- **Activity**:
Pick out the lines below that contain the string "PARADOX" and copy them all.

- **Saved data entries**:
+ + +

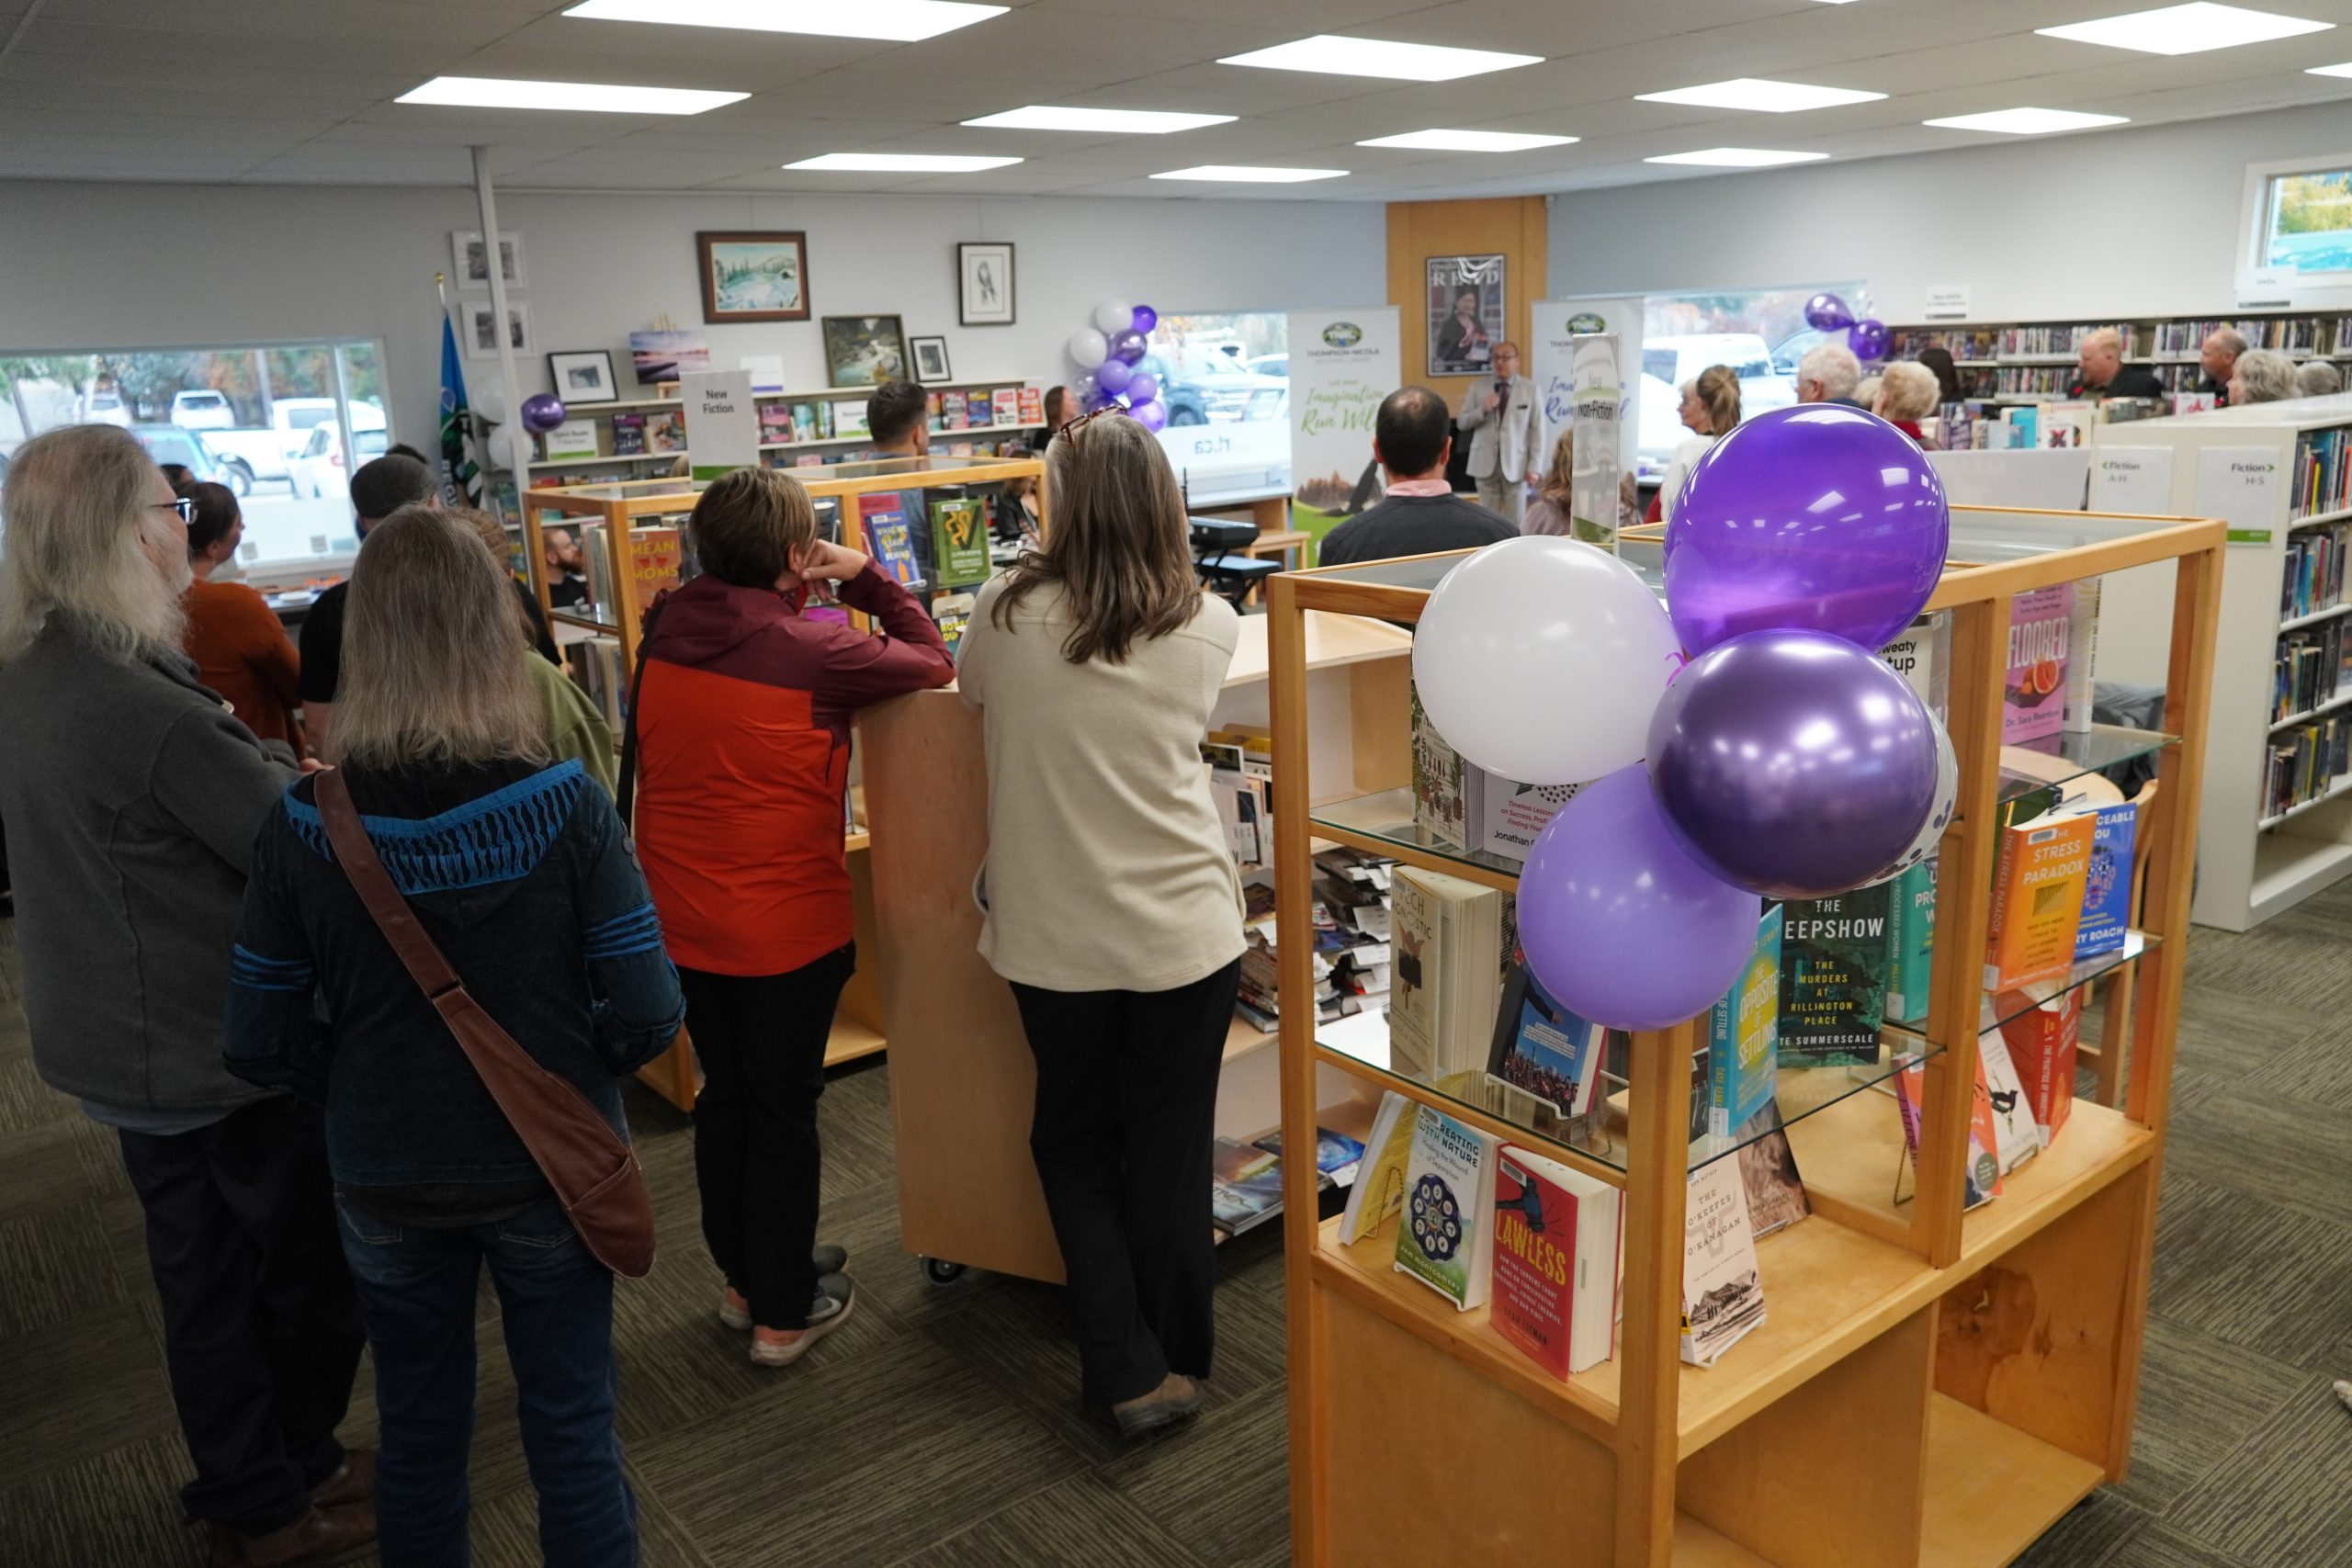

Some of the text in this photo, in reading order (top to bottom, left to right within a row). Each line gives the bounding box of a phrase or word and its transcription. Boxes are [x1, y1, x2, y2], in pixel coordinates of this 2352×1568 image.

[1433, 270, 1499, 287] RED
[706, 389, 728, 400] New
[703, 403, 734, 413] Fiction
[1578, 400, 1613, 421] Non-Fiction
[1301, 404, 1378, 435] Run Wil
[2109, 461, 2140, 470] Fiction
[2231, 463, 2265, 472] Fiction
[631, 542, 675, 555] MEAN
[632, 565, 678, 581] MOMS
[1880, 641, 1917, 654] weaty
[2007, 617, 2068, 670] FLOORED
[2007, 718, 2016, 728] Dr.
[2018, 715, 2031, 726] Sara
[1509, 801, 1555, 816] Timeless Lesson
[1509, 809, 1532, 821] Success,
[1533, 816, 1549, 824] Profi
[1507, 818, 1542, 832] Finding Your
[2097, 810, 2134, 826] CEABLE
[1494, 830, 1529, 847] Jonathan
[2056, 829, 2068, 838] HE
[2094, 829, 2109, 840] OU
[2033, 840, 2081, 863] STRESS
[2023, 859, 2086, 886] PARADOX
[1815, 900, 1841, 913] THE
[1893, 876, 1901, 928] A-PROCESSED
[1992, 890, 2006, 933] PARADOX
[1391, 901, 1431, 940] AGNOSTIC
[1785, 918, 1883, 940] EEPSHOW
[2076, 926, 2124, 943] RY ROACH
[1799, 974, 1848, 983] MURDERS
[1740, 969, 1779, 1023] OPPOSITE
[1816, 988, 1829, 997] AT
[1791, 1001, 1853, 1011] RILLINGTON
[1716, 999, 1727, 1040] OF SETTLING
[1804, 1016, 1837, 1025] PLACE
[1738, 1017, 1777, 1070] SETTLING
[1780, 1034, 1873, 1046] TE SUMMERSCALE
[1418, 1120, 1478, 1168] WITH NATURE
[1430, 1118, 1479, 1156] REATING
[1422, 1138, 1440, 1158] Healing
[1449, 1154, 1468, 1175] Wound
[1426, 1155, 1459, 1182] of Separation
[1699, 1189, 1716, 1205] THE
[1688, 1194, 1732, 1226] O'KEEFES
[1707, 1216, 1717, 1229] OF
[1688, 1217, 1741, 1257] O'KANAGAN
[1495, 1209, 1566, 1286] LAWLESS
[1400, 1246, 1413, 1259] PAM
[1415, 1256, 1460, 1292] MONTGOMERY
[1499, 1254, 1558, 1300] HOW THE SUPREME COURT
[1501, 1265, 1555, 1309] RUNS ON CONSERVATIVE
[1509, 1293, 1544, 1324] AND BAD VIBES

+ + +

- **Response to the exercise**:
[2023, 859, 2086, 886] PARADOX
[1992, 890, 2006, 933] PARADOX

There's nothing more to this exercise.